At the end of the 19th century, numerous alder trees, probably some as tall as 25 meters (82 feet), created a shaded tryst of bliss around what was popularly known as the Fonte dos Amores (Fountain of Lovers) in Oliveira do Hospital, Coimbra District.


In 1895, during a visit by the royal family, King Carlos (1889-1908) inaugurated the monument as the Ameal Fountain, in deference to the alders (amieiros), which later would be felled for construction of the National Road 230.


Located at one of the entrances to Oliveira do Hospital, near the Rotunda do Cavaleiro (Knight's Roundabout), "a pleasant place for romantic encounters" is how the fountain was described in the 21st century by José Garcês, in História de Oliveira do Hospital: Povo Valoroso, Passado Heróico (2001).


In the 1950s, the Ameal spring also served a business interest.


Armindo Lousada, considered one of the driving forces of industry in Oliveira do Hospital, founded a company called Sociedade de Productos Amial, Lda., owner of the now-defunct Laranjada Amial, in the 1950s, according to a Geocaching blogger, who identifies himself as a male teacher in Oliveira do Hospital.

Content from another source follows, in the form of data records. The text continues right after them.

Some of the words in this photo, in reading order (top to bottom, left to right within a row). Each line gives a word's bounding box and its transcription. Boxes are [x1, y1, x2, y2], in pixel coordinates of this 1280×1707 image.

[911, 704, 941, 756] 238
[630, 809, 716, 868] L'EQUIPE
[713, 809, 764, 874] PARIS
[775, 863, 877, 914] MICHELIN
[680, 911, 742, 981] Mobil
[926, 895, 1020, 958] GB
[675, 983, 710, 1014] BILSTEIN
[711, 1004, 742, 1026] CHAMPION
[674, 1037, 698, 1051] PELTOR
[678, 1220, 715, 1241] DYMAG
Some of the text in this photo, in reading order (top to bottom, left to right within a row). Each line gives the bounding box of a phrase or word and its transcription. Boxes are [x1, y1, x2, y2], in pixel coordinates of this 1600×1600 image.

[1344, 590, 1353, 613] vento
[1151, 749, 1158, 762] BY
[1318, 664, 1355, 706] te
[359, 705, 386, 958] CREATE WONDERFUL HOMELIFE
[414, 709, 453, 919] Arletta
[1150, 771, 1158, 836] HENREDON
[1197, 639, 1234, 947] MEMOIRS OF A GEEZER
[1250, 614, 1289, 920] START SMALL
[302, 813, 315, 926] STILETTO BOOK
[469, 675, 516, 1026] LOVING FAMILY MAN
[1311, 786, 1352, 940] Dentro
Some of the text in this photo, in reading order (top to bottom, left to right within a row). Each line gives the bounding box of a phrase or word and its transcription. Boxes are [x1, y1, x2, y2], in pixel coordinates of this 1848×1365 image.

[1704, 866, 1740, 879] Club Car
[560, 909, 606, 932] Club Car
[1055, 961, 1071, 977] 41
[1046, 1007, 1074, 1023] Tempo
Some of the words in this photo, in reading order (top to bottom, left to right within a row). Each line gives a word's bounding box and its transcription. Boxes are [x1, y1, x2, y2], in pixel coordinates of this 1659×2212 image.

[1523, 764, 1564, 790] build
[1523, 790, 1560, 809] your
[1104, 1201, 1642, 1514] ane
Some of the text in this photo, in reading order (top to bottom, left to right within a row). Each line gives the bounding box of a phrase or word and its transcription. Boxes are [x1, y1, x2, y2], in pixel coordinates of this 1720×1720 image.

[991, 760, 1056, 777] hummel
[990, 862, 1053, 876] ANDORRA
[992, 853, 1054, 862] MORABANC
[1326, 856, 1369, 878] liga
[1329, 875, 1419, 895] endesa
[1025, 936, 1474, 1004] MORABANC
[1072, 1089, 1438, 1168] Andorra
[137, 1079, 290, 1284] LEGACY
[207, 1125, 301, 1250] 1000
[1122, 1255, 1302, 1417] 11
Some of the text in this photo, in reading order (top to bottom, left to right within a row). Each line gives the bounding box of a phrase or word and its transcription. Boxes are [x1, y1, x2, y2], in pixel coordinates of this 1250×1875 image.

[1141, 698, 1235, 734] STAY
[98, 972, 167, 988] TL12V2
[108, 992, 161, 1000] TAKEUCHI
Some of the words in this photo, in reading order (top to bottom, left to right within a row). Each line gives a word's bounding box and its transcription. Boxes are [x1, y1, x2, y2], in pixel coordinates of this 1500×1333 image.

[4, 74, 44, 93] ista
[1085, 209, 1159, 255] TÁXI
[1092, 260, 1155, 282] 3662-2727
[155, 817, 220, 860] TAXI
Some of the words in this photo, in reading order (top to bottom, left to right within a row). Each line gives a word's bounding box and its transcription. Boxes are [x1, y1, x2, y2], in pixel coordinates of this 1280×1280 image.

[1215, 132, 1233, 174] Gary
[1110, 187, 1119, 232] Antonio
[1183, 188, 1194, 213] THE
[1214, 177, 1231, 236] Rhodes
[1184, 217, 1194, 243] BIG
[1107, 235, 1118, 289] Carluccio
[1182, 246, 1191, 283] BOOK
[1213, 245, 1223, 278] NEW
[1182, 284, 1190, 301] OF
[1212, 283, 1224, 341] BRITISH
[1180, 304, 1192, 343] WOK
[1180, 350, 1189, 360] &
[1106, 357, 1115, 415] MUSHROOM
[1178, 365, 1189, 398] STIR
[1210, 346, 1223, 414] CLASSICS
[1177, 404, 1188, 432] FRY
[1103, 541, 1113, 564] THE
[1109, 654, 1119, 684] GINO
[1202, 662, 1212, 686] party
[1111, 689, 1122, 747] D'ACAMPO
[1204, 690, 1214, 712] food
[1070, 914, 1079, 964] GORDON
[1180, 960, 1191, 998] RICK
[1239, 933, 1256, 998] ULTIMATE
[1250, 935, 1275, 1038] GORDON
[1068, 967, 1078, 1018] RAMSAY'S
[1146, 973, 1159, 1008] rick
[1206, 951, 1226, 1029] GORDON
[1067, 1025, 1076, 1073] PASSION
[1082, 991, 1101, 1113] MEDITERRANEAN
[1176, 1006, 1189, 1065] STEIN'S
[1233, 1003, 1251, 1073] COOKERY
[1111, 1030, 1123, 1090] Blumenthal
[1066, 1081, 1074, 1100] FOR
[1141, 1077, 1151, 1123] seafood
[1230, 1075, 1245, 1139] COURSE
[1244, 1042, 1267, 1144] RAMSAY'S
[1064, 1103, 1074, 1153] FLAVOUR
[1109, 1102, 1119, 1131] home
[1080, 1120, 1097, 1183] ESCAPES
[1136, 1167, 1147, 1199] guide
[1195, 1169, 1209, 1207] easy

Composition of the laranjada (orangeade) included 50 percent water. This water was transported by women, with jugs on their heads, from the Ameal spring to the Laranjada Amial factory, a building now occupied by a commercial space. At that time, some of the roads, including the one which currently connects the spring to the factory building, did not exist, making water transport even more of a challenge.